According to eyewitnesses, parties manning five or six sleds were enjoying the sport at the time, but no sleds were directly back of the one which crashed into the automobile.Ken Shroyer, head coach of the football team, and Coach Spier were passing at the time, and declared that the sled was traveling down the steep grade at a tremendous rate of speed when it struck the automobile.

The bobsled which Gruber was steering was of heavy design. Two ordinary sleds were attached to long boards while the steering apparatus, controlled from the front seat, maneuvered the leading sled.

Gruber was only an amateur at the steering of a sled of its kind. On Friday evening while steering down the same course, with a load of 20 on the sled he lost control and upset halfway down the hill, going at a rapid rate spilling the humanity over the course.
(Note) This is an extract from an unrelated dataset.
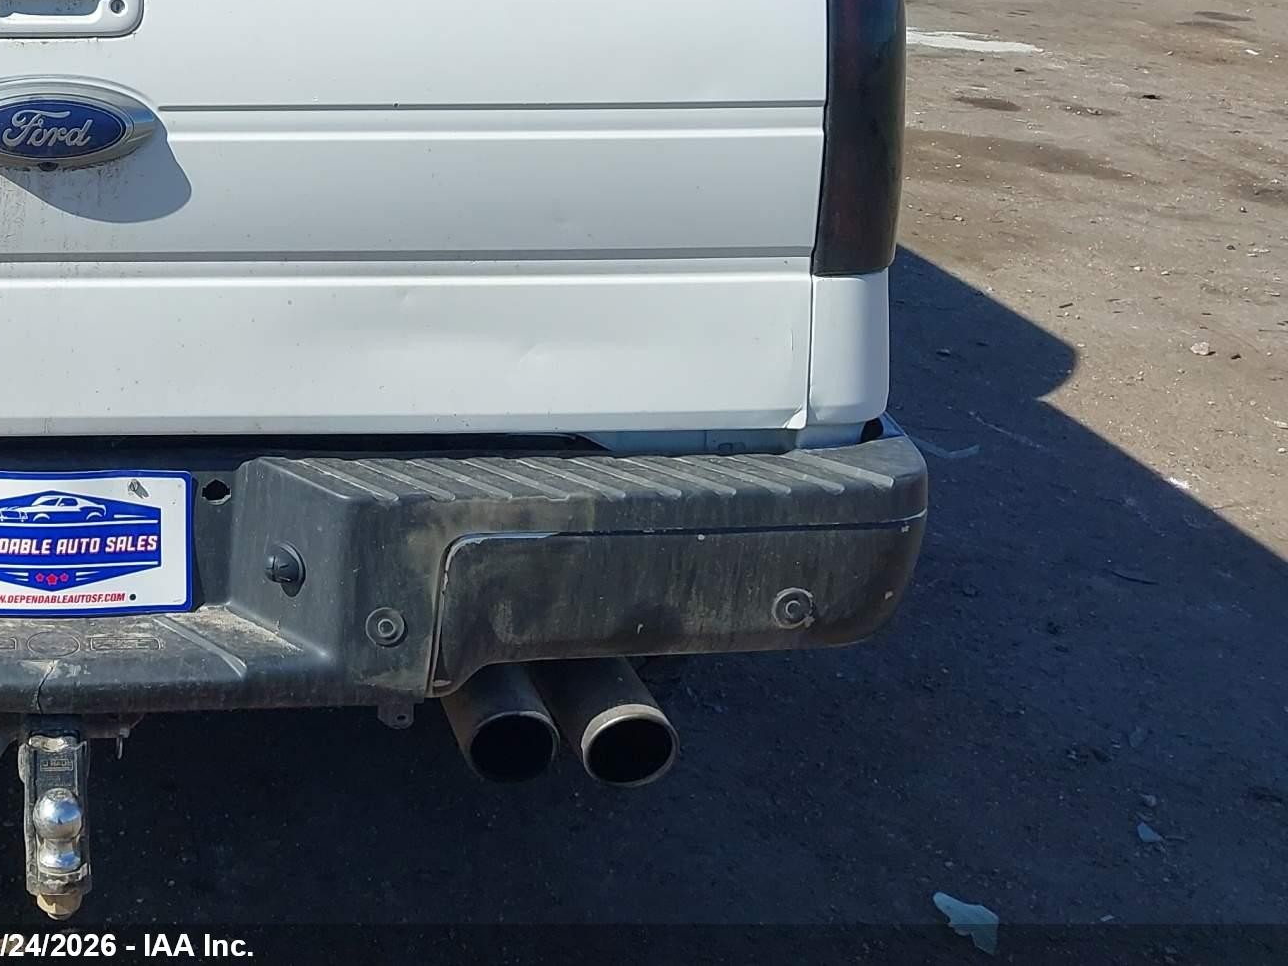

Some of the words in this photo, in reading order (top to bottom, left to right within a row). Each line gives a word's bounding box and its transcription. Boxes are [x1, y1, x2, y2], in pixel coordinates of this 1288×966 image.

[2, 109, 93, 147] Ford
[56, 537, 100, 554] AUTO
[104, 535, 159, 552] SALES
Some were bruised but not seriously hurt. It was this double-decker that Gruber asked for, as it was the fastest on the hill, having made a run the night previous to the First National Bank, at the Railroad, and considered a run that was never equalled.

At noon Tuesday the Western Maryland College was closed to allow the faculty and students to attend the funeral of the popular young student at the home of his parents, in Baltimore. About 60 in number paid their last respects. A floral tribute of beautiful design was sent by the college.

Photo Caption: Lynn F. Gruber, a center on Western Maryland College’s football team, was killed in a sledding accident in 1925. From the Aloha, the college’s yearbook, 1925.